▸ Available data:

———

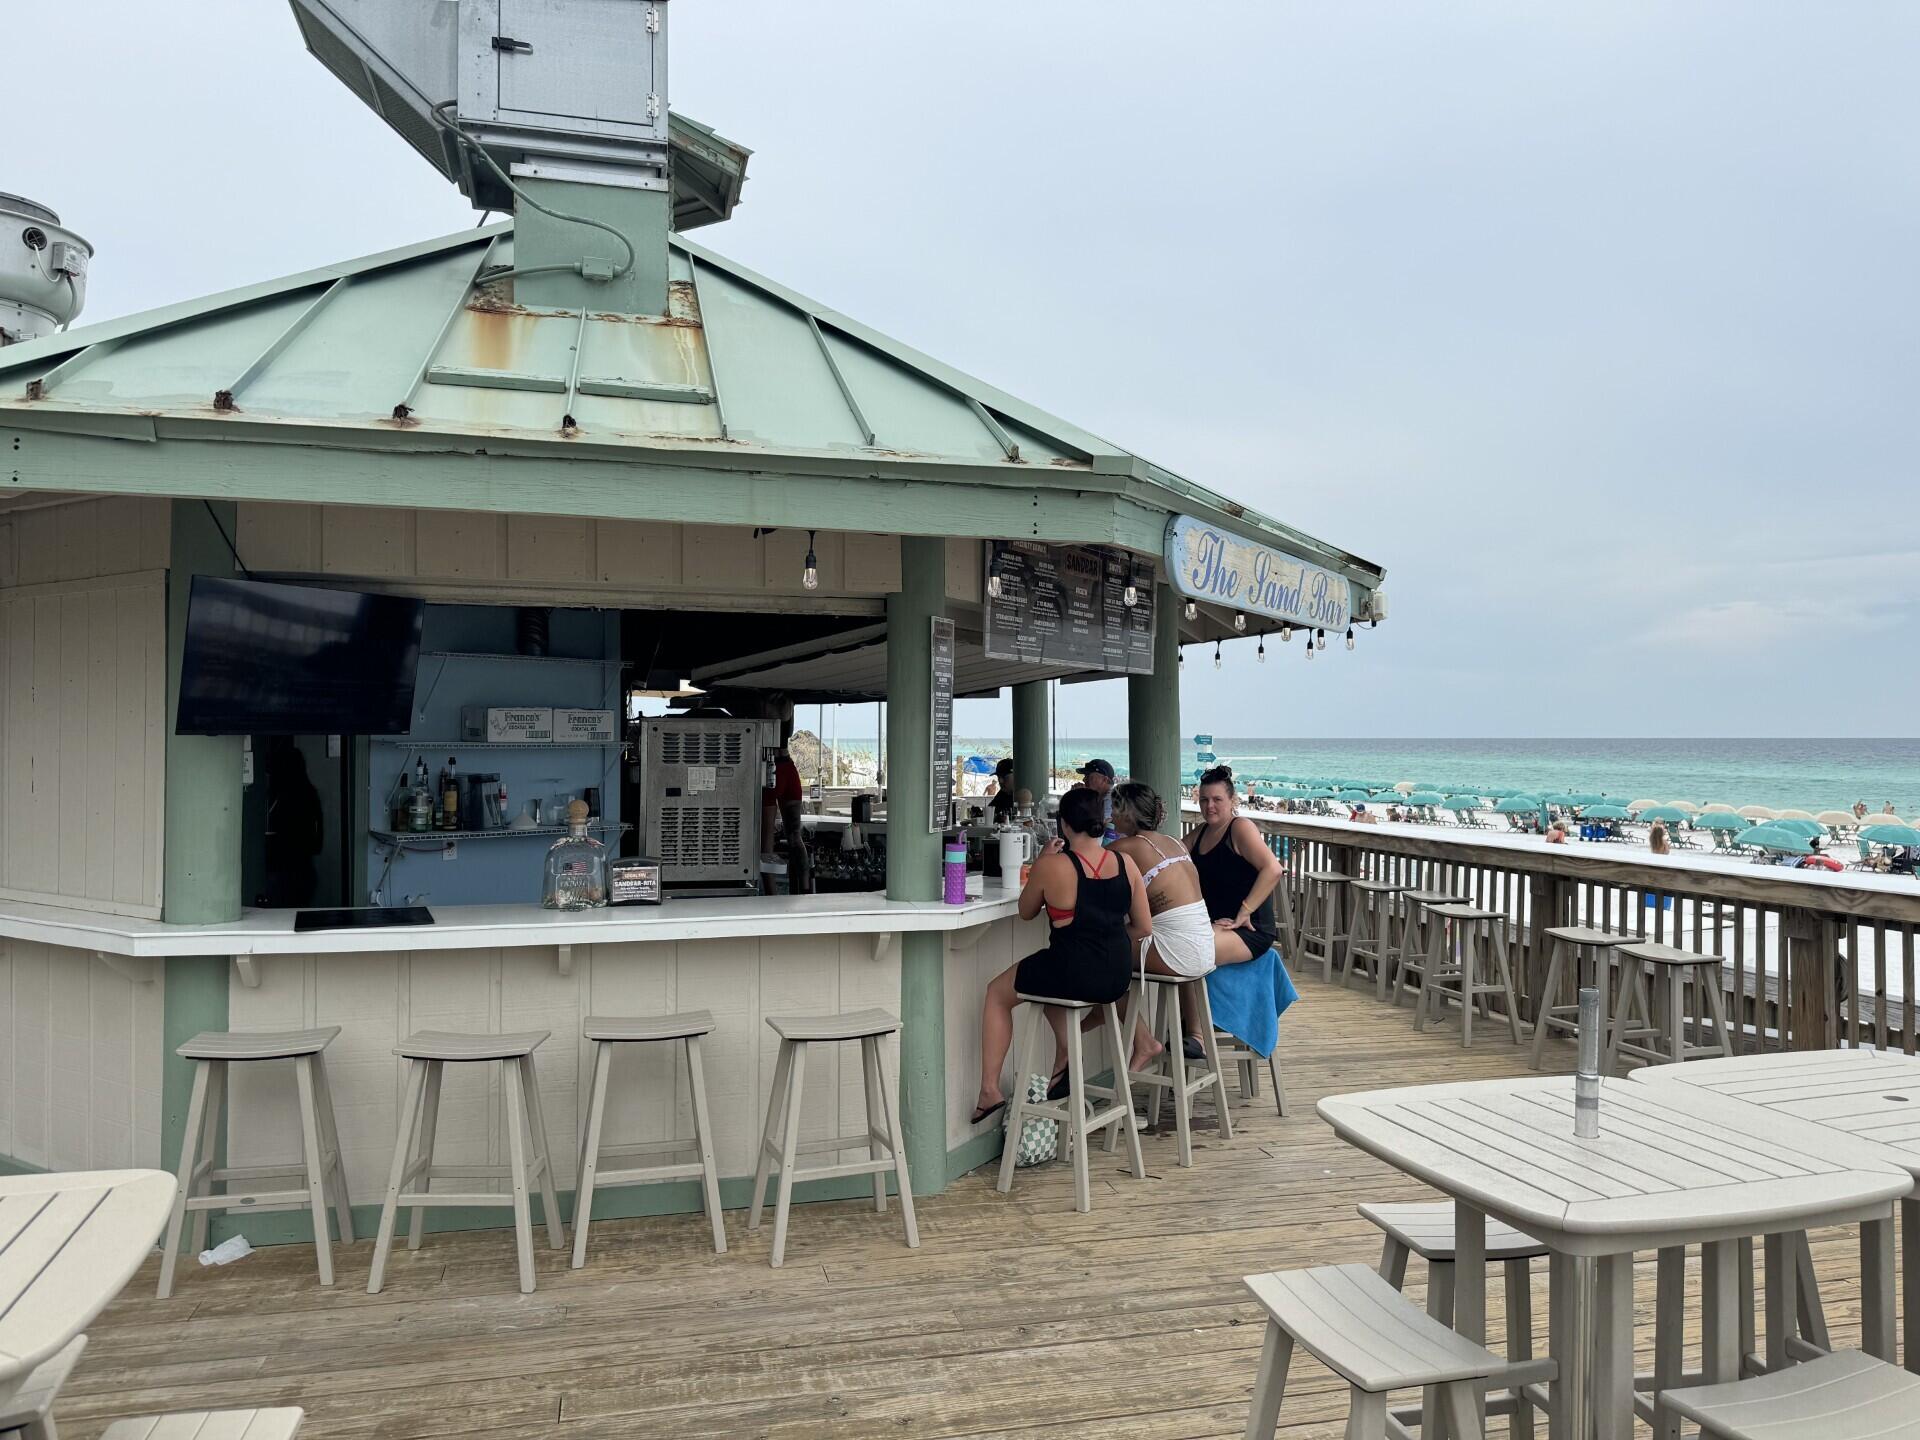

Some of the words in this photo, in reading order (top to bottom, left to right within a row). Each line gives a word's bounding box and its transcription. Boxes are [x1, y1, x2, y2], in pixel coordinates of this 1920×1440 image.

[1066, 551, 1098, 577] SANDBAR
[1192, 530, 1242, 598] The
[1248, 551, 1305, 616] Sand
[1309, 571, 1347, 626] Bar
[505, 711, 541, 722] Franco's

———

▸ Your instructions:
All of the data above must be printed exactly, minus its pictures.

▸ Written response:
Some of the words in this photo, in reading order (top to bottom, left to right within a row). Each line gives a word's bounding box and its transcription. Boxes are [x1, y1, x2, y2], in pixel coordinates of this 1920×1440 image.

[1066, 551, 1098, 577] SANDBAR
[1192, 530, 1242, 598] The
[1248, 551, 1305, 616] Sand
[1309, 571, 1347, 626] Bar
[505, 711, 541, 722] Franco's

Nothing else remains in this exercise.